JERUSALEM — Israel’s education minister voiced support Saturday for so-called gay “conversion therapy,” drawing a disavowal from Prime Minister Benjamin Netanyahu, whose government’s religious-rightist tilt has worried liberals at home and backers abroad. 

Conversion therapy, an attempt to alter sexual orientation or gender identity through psychological, spiritual and, in extreme cases, physical means, has been widely discredited in the West and condemned by professional health associations such as the American Medical Association as potentially harmful. 

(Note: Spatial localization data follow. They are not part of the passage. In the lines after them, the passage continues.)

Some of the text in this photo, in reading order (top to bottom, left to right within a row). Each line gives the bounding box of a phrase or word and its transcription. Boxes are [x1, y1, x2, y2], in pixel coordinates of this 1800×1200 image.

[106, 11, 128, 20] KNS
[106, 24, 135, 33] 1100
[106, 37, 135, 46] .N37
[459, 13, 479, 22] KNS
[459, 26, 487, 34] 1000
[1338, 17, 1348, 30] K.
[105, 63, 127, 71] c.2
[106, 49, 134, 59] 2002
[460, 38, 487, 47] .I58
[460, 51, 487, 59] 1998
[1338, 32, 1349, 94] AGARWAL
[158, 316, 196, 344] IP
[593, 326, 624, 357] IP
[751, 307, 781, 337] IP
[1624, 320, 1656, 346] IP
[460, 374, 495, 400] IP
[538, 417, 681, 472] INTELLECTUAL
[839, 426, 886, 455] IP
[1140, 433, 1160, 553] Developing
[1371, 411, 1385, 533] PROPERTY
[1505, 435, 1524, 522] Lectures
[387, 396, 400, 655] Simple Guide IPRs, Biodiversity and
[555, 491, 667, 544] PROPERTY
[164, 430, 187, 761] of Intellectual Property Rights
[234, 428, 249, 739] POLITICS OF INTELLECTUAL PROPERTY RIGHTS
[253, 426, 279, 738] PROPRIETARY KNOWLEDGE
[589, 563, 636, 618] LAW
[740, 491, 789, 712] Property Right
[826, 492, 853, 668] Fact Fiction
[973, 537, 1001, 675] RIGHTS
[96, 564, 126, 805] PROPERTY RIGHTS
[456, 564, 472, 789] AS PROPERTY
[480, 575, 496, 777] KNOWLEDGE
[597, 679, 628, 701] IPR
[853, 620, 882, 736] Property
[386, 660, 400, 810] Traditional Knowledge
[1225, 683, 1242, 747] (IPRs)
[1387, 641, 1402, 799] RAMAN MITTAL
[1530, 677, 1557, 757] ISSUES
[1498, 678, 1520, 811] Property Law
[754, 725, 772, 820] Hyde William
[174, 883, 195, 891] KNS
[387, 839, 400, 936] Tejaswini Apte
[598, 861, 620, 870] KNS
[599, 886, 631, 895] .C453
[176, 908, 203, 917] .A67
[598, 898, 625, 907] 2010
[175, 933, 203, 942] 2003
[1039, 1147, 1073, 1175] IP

Rafael Peretz, an Orthodox rabbi and head of the ultranationalist United Right party who assumed the education portfolio in the Netanyahu-led coalition last month, said in a television interview he believed conversion therapy can work. 

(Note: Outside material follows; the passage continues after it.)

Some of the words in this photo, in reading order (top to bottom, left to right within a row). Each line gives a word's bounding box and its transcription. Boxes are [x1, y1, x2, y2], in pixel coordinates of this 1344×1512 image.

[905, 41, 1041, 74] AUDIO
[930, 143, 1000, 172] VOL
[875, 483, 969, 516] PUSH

“I have a very deep familiarity with the issue of education, and I have also done this,” he told Israel’s Channel 12 TV. 

‘Let’s think’

Giving an example of a gay person he said he had tended to, Peretz said: “First of all, I embraced him. I said very warm things to him. I told him, ‘Let’s think. Let’s study. And let’s contemplate.’ The objective is first of all for him to know himself well … and then he will decide.” 

The remarks sparked furor in Israel’s center-left opposition, which ahead of a September election has sought to cast Netanyahu as enabling Orthodox indoctrination in a country whose majority Jews mostly identify as secular or of less stringent religious observance. 

Israel’s LGBT Task Force, an advocacy group, demanded Peretz be fired, saying in a statement his views were “benighted.” 

Shortly after the interview aired at the end of the Jewish Sabbath, Netanyahu said he spoke to Peretz for “clarification.” 

“The education minister’s remarks regarding the pride community are unacceptable to me and do not reflect the position of the government that I head,” the premier said in a statement. 

Earlier furor

It was the second flap Peretz had caused in less than a week. Israeli media reported that he had told fellow Cabinet members on Tuesday that the intermarriage of Jews and gentiles in the diaspora amounted to a “second Holocaust.” 

The comparison stirred up anger among U.S. Jews, who are mostly non-Orthodox, and drew a rebuke from the Anti-Defamation League, which said such statements cheapened the Holocaust. 

Speaking to Channel 12, Peretz described himself as striving to balance respect for others, no matter their sexual orientation, with his duties as a religious leader. 

“I honor everyone as people. I admit that I, personally — I am a rabbi of Israel. Our Torah tells us other things. But that does not mean that I look about now and give them grades,” he said.